Dr. Sina Bari is a Stanford-trained plastic surgeon based in the San Francisco Bay Area. For more about his work and research interests, visit sinabarimd.com.
Frequently Asked Questions
How long does fat grafting to the face actually last?
Surviving fat cells are permanent in that they remain viable tissue, but five-year data from Buskens et al. (JPRAS 2025) shows that graft volume tracks with your body weight over time. If you gain weight, grafted areas may expand. If you lose weight, they shrink. Patient satisfaction scores tend to return to pre-operative baseline by five years, which is why I counsel patients that touch-up sessions may be needed.
Is stem cell fat grafting worth the extra cost?
SVF-enriched fat grafting showed about 9 percentage points better retention than standard grafting in the largest RCT to date (Verpaele et al., PRS 2023). On a typical 20 cc case, that translates to roughly 1.8 cc of additional surviving tissue. Whether that clinical difference justifies the added cost and processing time depends on individual goals and budget. I discuss the specific numbers with each patient rather than marketing it as a transformative upgrade.

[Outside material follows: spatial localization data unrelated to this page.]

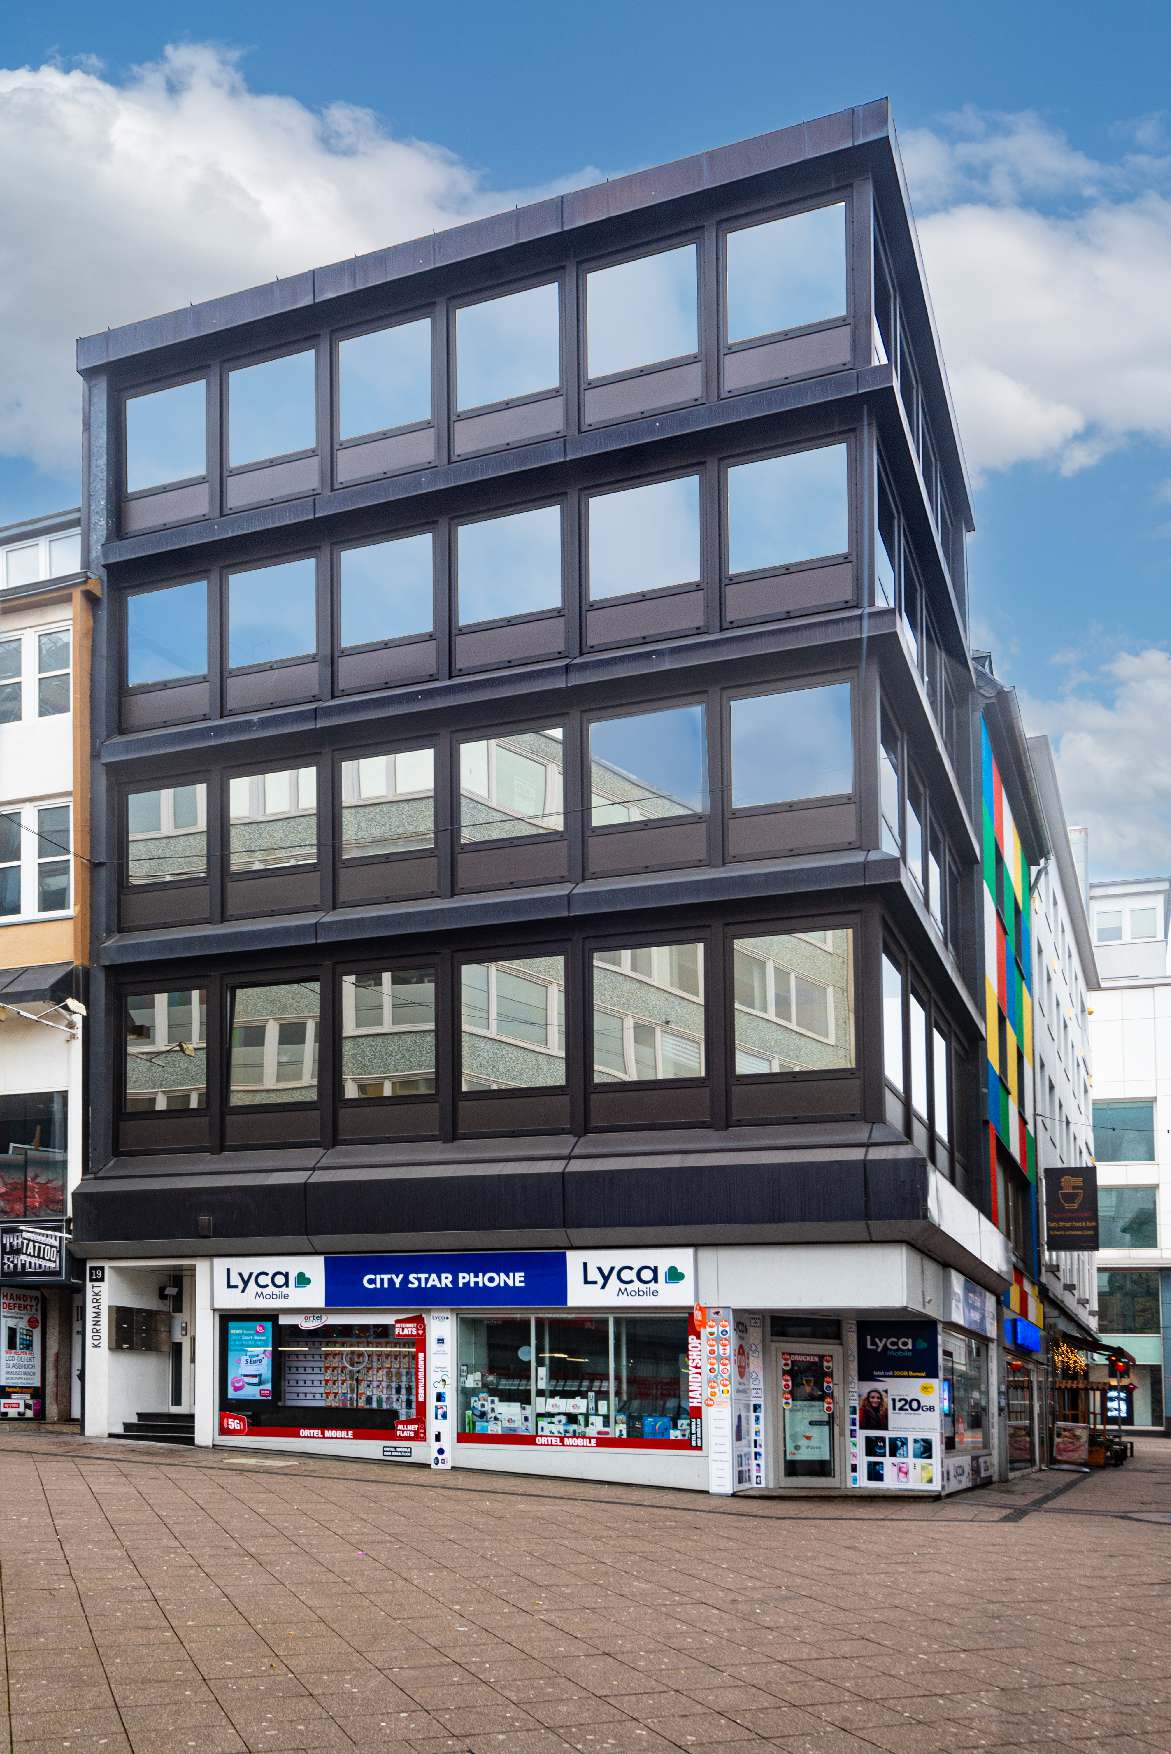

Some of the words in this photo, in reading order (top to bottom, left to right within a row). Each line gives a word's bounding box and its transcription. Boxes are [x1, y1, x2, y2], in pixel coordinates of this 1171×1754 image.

[22, 1239, 57, 1261] TATTOO
[91, 1269, 102, 1279] 19
[583, 1262, 659, 1289] Lyca
[226, 1268, 289, 1293] Lyca
[363, 1274, 403, 1289] CITY
[408, 1273, 453, 1288] STAR
[458, 1272, 525, 1288] PHONE
[2, 1291, 34, 1303] HANDY
[254, 1291, 289, 1300] Mobile
[616, 1287, 659, 1297] Mobile
[91, 1283, 102, 1349] KORNMARKT
[395, 1327, 417, 1335] FLATS
[866, 1336, 912, 1352] Lyca
[790, 1354, 819, 1362] DRUCKEN
[688, 1335, 702, 1407] HANDYSHOP
[228, 1418, 240, 1430] 5G
[299, 1428, 323, 1438] ORTEL
[324, 1429, 353, 1439] MOBILE
[535, 1436, 562, 1446] ORTEL
[563, 1436, 597, 1447] MOBILE

Does PRP improve fat grafting results?
Based on the available split-face RCT data, PRP added to fat grafts did not produce a significant difference in retention compared to saline alone. I stopped using PRP as a fat grafting adjunct in my practice after reviewing this evidence. The theoretical rationale is sound, but the clinical data has not supported it.

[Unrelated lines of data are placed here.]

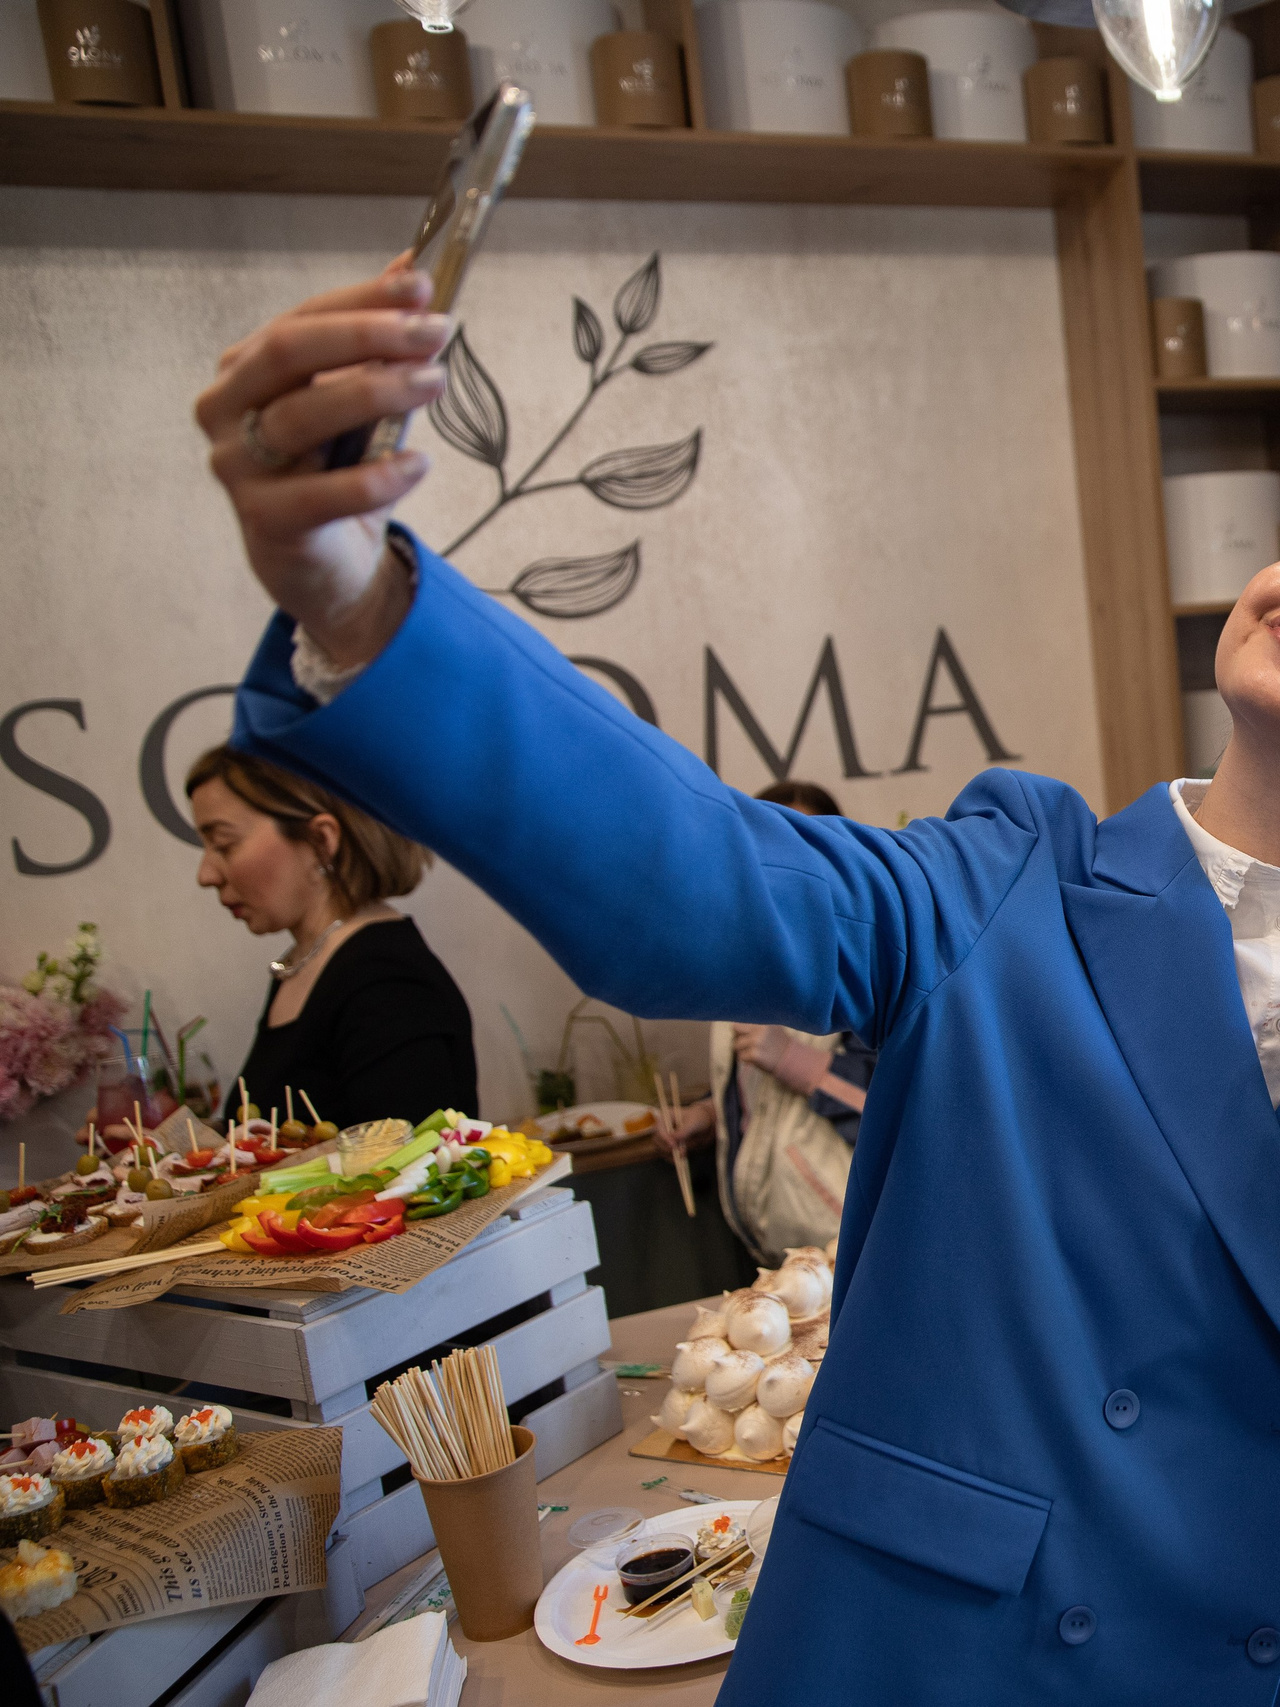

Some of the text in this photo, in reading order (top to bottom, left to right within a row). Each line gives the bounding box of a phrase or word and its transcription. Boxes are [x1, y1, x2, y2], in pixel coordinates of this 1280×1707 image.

[0, 627, 1022, 878] SMA
[369, 1279, 402, 1291] This
[267, 1494, 279, 1509] the
[273, 1511, 283, 1521] in
[264, 1521, 279, 1574] Belgium's
[277, 1524, 291, 1588] Perfection's
[174, 1551, 196, 1573] see
[159, 1567, 183, 1603] This
[189, 1578, 203, 1599] us
[272, 1577, 281, 1590] In

What is the difference between structural fat grafting and nanofat?
Structural fat grafting transfers intact adipocytes (fat cells) to restore volume in areas like the cheeks, temples, and jawline. Nanofat is processed into an emulsion that contains almost no intact fat cells but is rich in stromal cells and growth factors. Nanofat does not add volume -- instead, biopsy data shows it increases elastic fiber density by about 55%, improving skin quality in areas like the lower eyelids and perioral region. I use them for different purposes: structural fat for volume, nanofat for skin texture.